I'm sure if they were hated neighbours, people would be ringing the police instead. As they say, show me your friends and I'll tell you who you are.

InpatientGardener · 13/06/2021 20:24

I would uninvite them and end the friendship to be honest. Its quite pathetic not to be able to go to a wedding without taking drugs and the fact they won't respect how you feel about it and commit to not doing it for ONE EVENING speaks volumes about how much respect and care they have for you.

Aprilx · 13/06/2021 20:24

I am a firm believer that not all friendships are intended to be forever. It really sounds like you have or rather should have moved on from this friendship group a long time ago. It is a shame you invited them already, I am not sure how you go about uninviting people to a wedding though.

TheWeeDonkeyFella · 13/06/2021 20:25

Many of your other guests will likely clock what is going on too, people aren't daft. It's a shame if your reception ends up talked about and remembered for your druggy mates off their heads.

MichelleScarn · 13/06/2021 20:26

@blacksax

Tell them that your next-door neighbour is coming and he's a detective superintendent in the drugs squad.

Either that or uninvite the lot of them. Druggies are not your friends.

Yep, and he's bringing his fabulous spaniel to be your ring bearer, oh and the spaniel is a drugs search dog....Grin
RoseAndRose · 13/06/2021 20:26

I don't think you're going to be able to stop them.

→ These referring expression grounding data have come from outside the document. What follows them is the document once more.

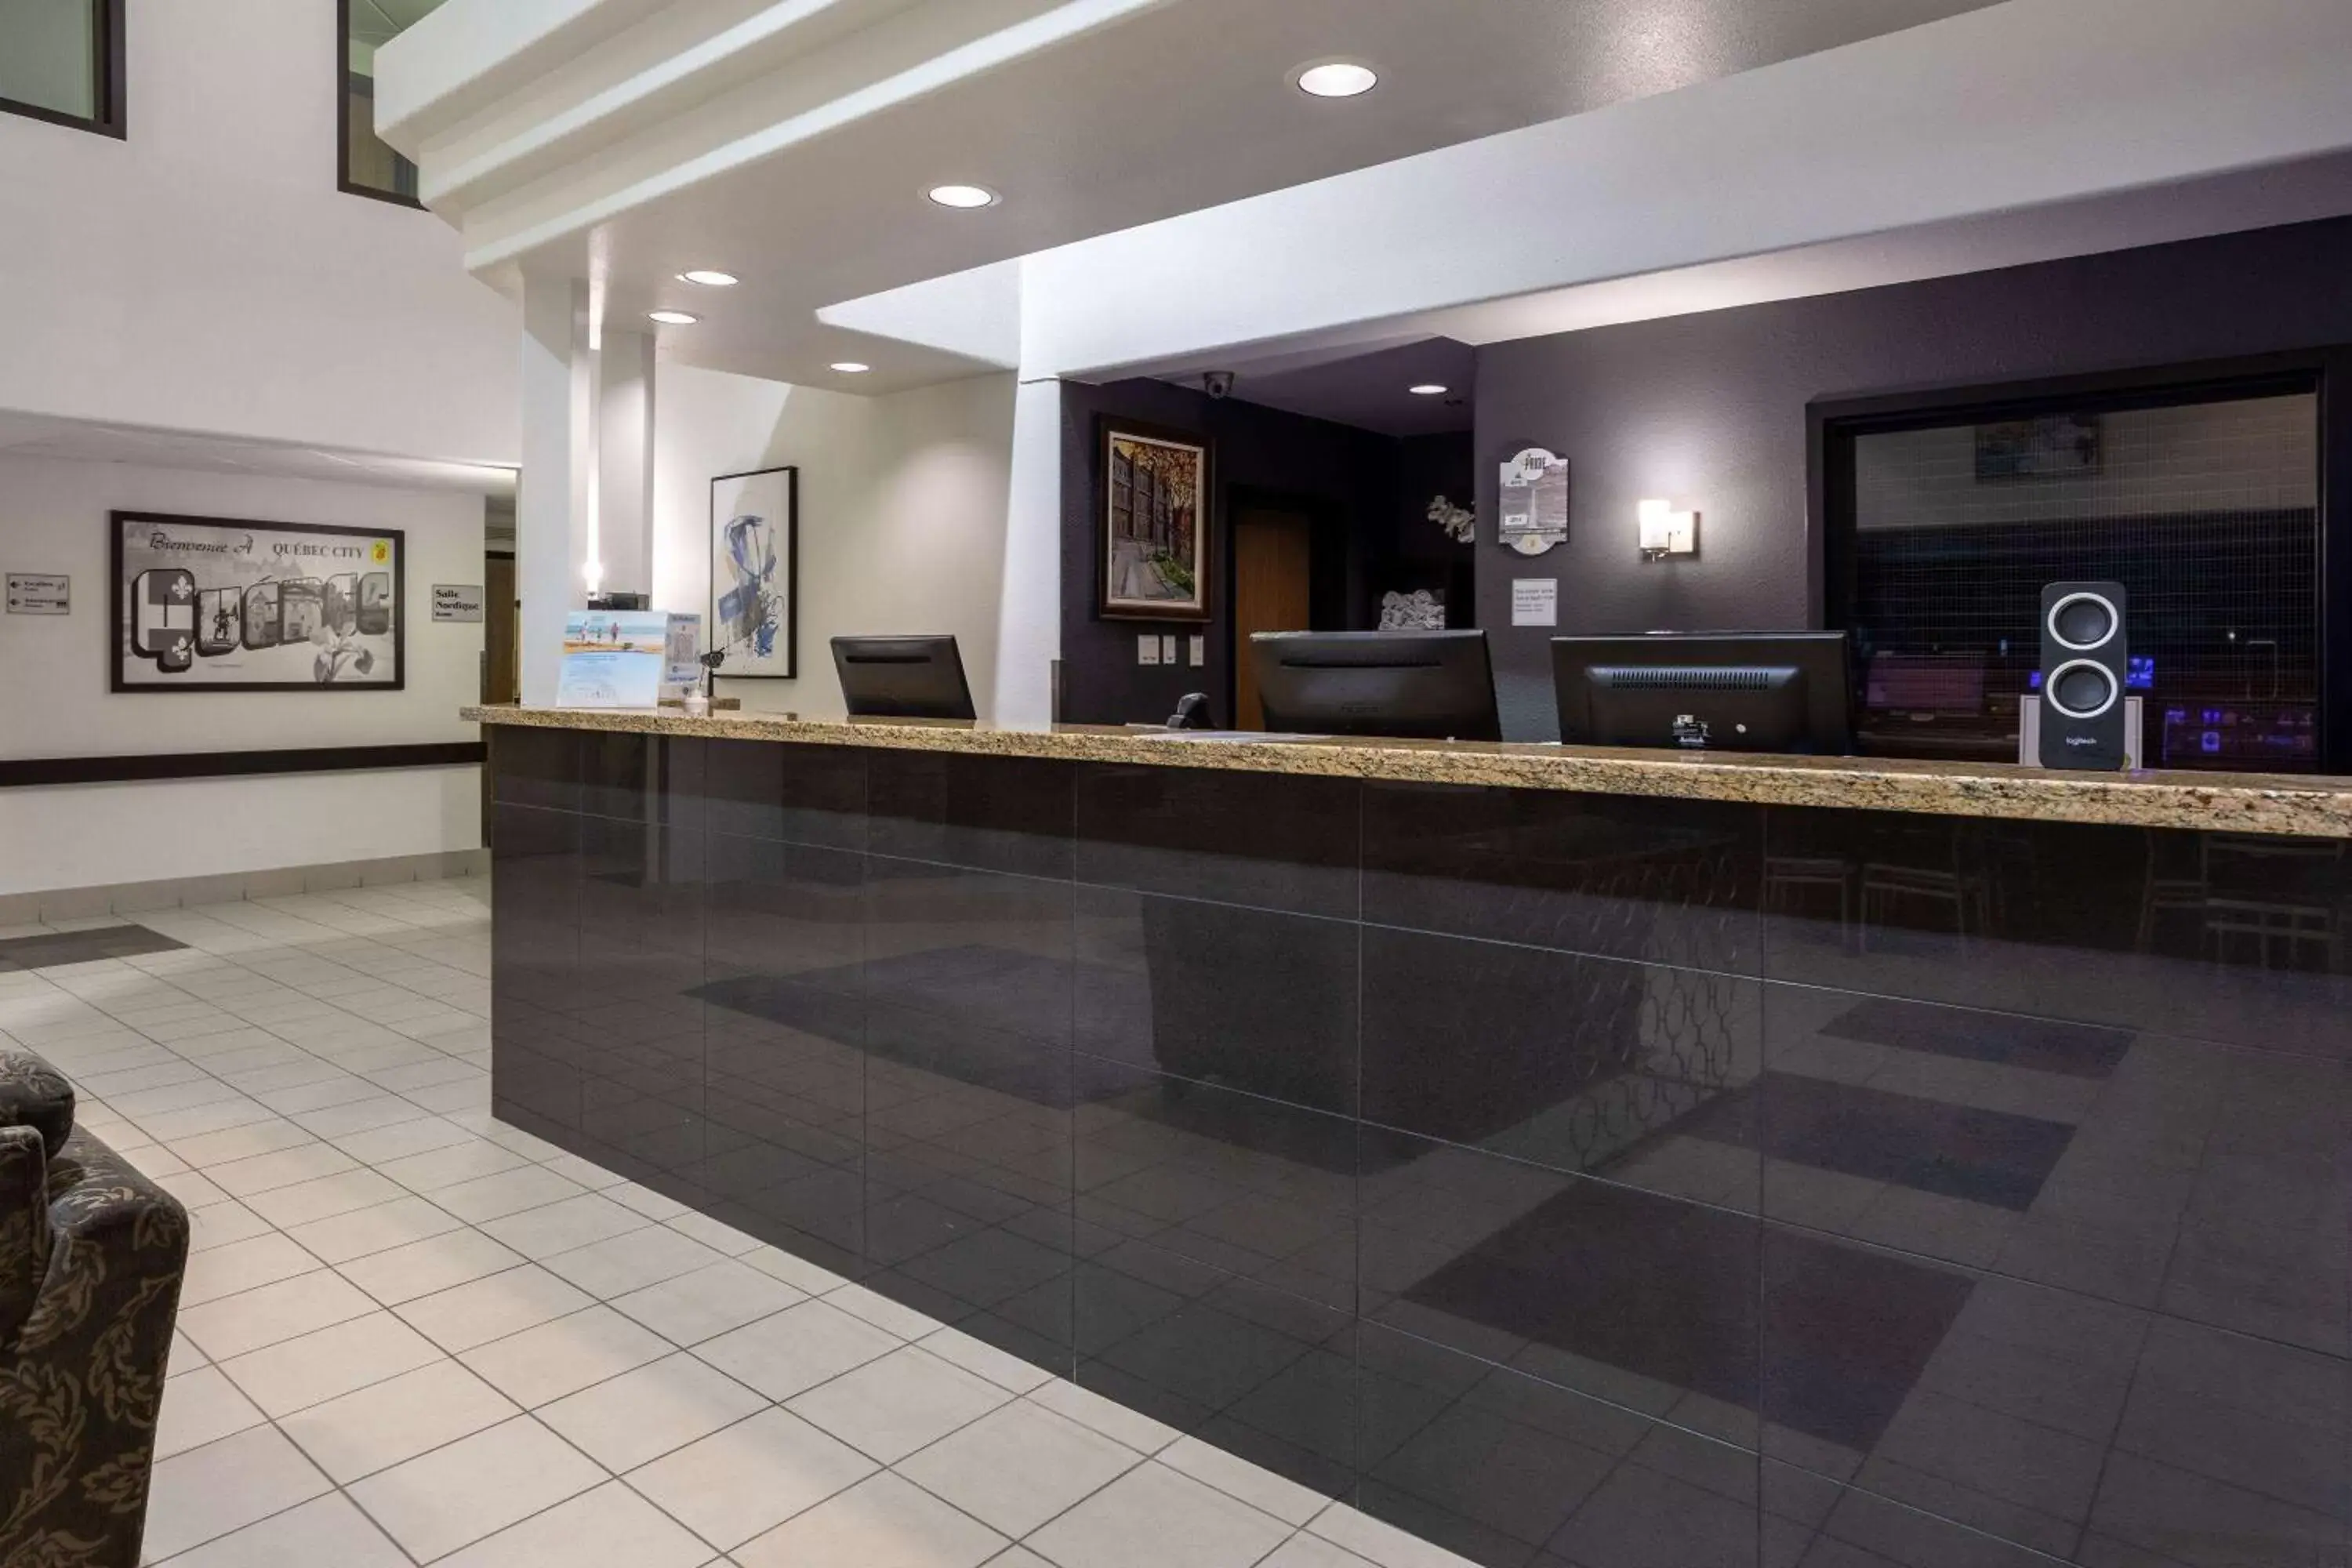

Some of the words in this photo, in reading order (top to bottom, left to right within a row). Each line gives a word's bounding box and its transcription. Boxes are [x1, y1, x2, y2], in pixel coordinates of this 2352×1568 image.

[273, 541, 328, 557] QUÉBEC
[332, 546, 363, 559] CITY
[435, 589, 459, 598] Salle
[435, 601, 480, 612] Nordique
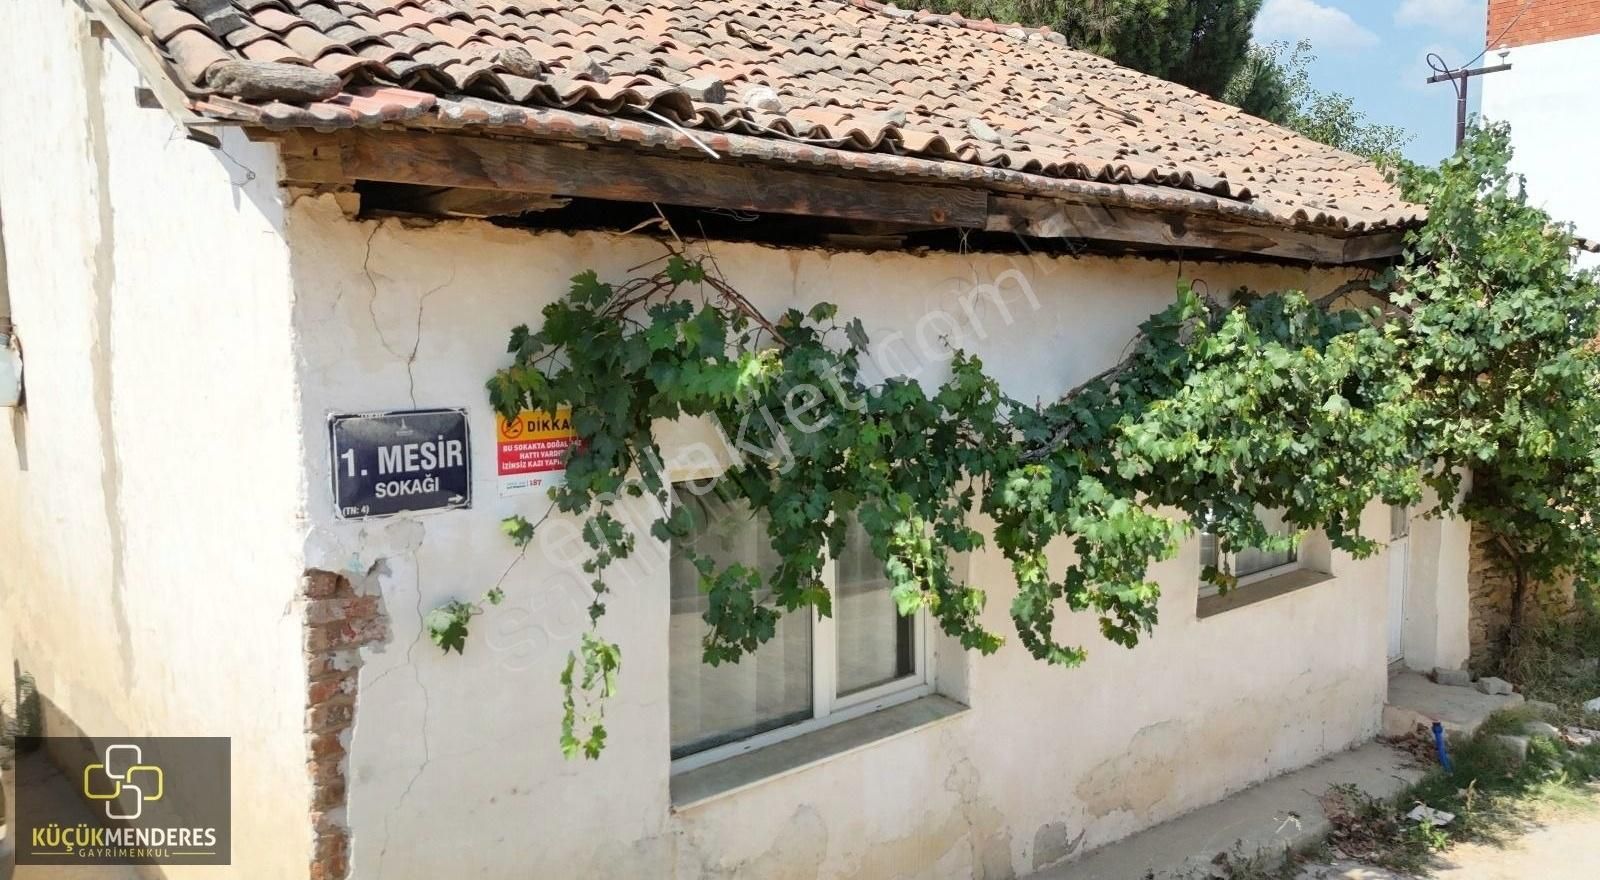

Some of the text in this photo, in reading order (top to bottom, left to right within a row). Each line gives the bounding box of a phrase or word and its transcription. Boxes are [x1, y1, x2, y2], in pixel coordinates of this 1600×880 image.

[527, 417, 574, 432] DİKKA
[502, 444, 513, 452] BU
[513, 442, 545, 451] SOKAKTA
[546, 440, 568, 449] DOĞAL
[341, 434, 463, 477] 1. MESİR
[519, 451, 540, 460] HATTI
[502, 460, 527, 470] İZİNSİZ
[527, 459, 544, 468] KAZI
[375, 474, 439, 498] SOKAĞI

So it's hard choices time.

Bridezillamaybe · 13/06/2021 20:26

I'm sorry I did not want to offend anyone by implying the main problem with drugs is that they are boring. Drugs had a profoundly bad impact on my life. I changed my lifestyle entirely and personally despise them. I don't know much about the consequences of the trade like stabbings. I should do, I know now and I don't think I'll happily take an 'each to their own' attitude again.